◆ **Problem to solve**
Print all the records below exactly as they stand, but leave out the pictures.

◆ **Information shown**
────────────────────

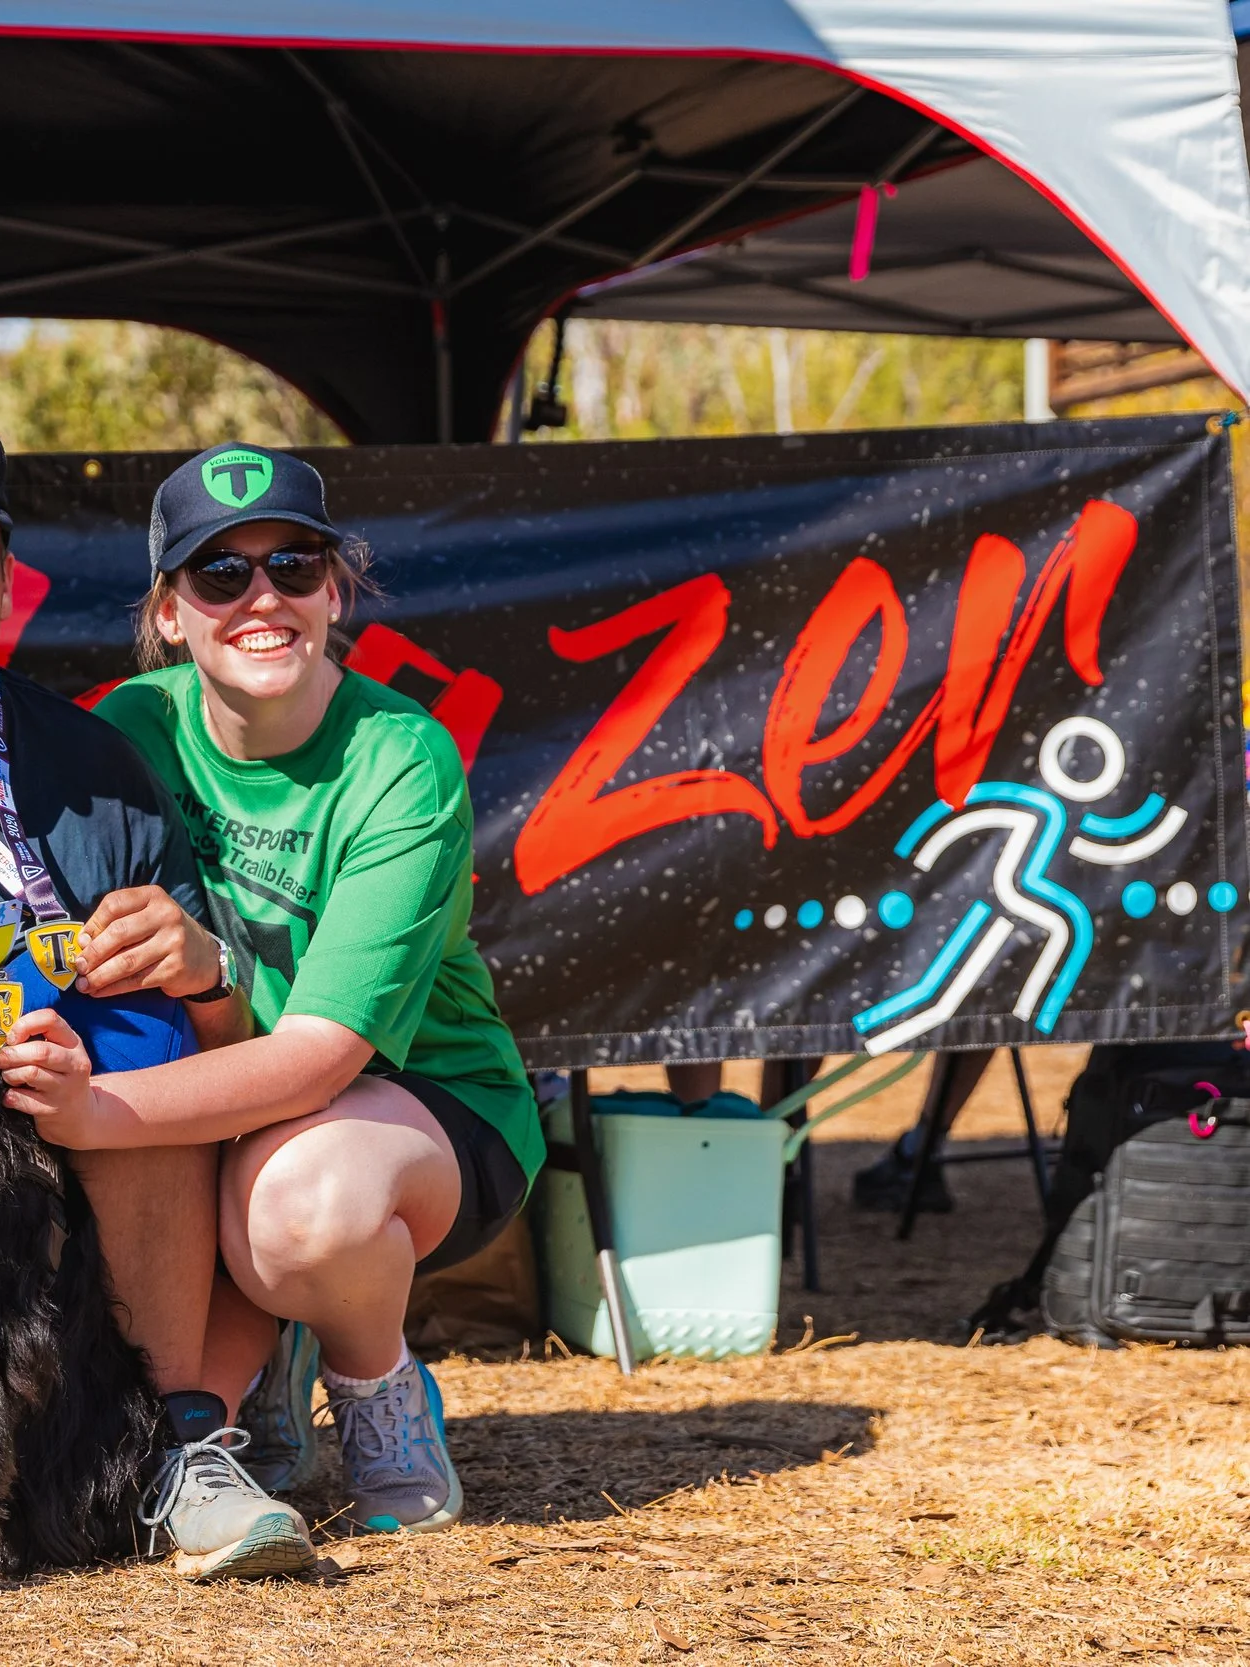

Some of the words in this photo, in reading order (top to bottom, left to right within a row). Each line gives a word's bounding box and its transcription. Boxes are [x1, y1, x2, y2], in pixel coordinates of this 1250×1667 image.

[209, 455, 264, 467] VOLUNTEER
[4, 813, 21, 839] 2026
[229, 847, 318, 904] Trailblazer
[37, 930, 75, 977] T
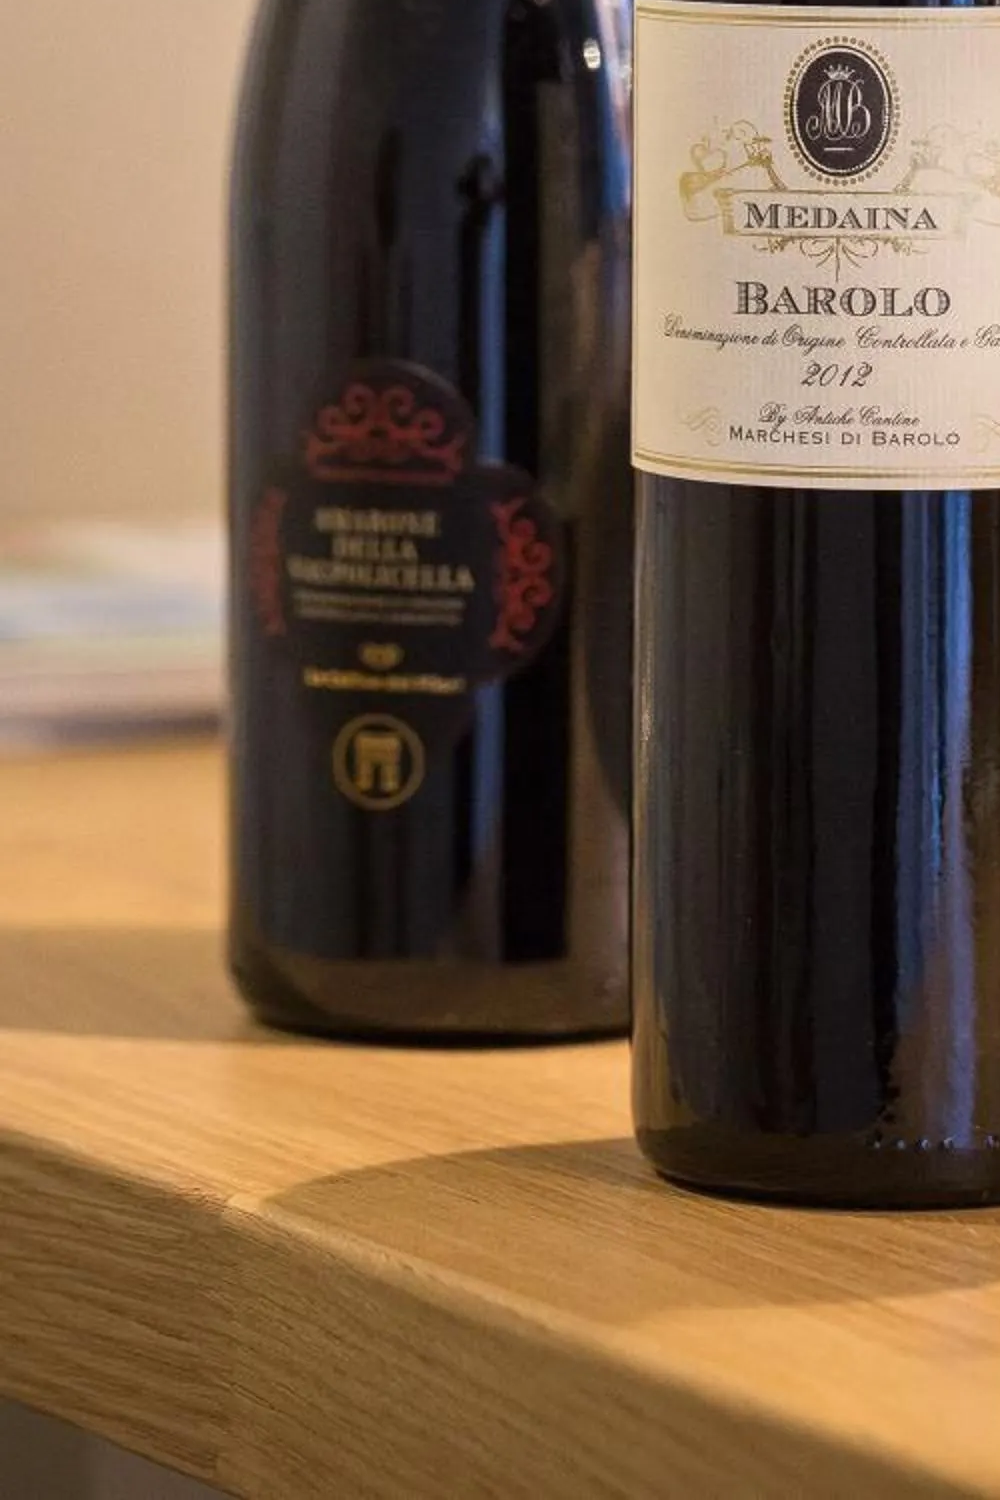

────────────────────

◆ **Response to this exercise**
Some of the words in this photo, in reading order (top to bottom, left to right within a row). Each line gives a word's bounding box and its transcription. Boxes are [x1, y1, x2, y2], in pixel coordinates of this 1250×1667 image.

[209, 455, 264, 467] VOLUNTEER
[4, 813, 21, 839] 2026
[229, 847, 318, 904] Trailblazer
[37, 930, 75, 977] T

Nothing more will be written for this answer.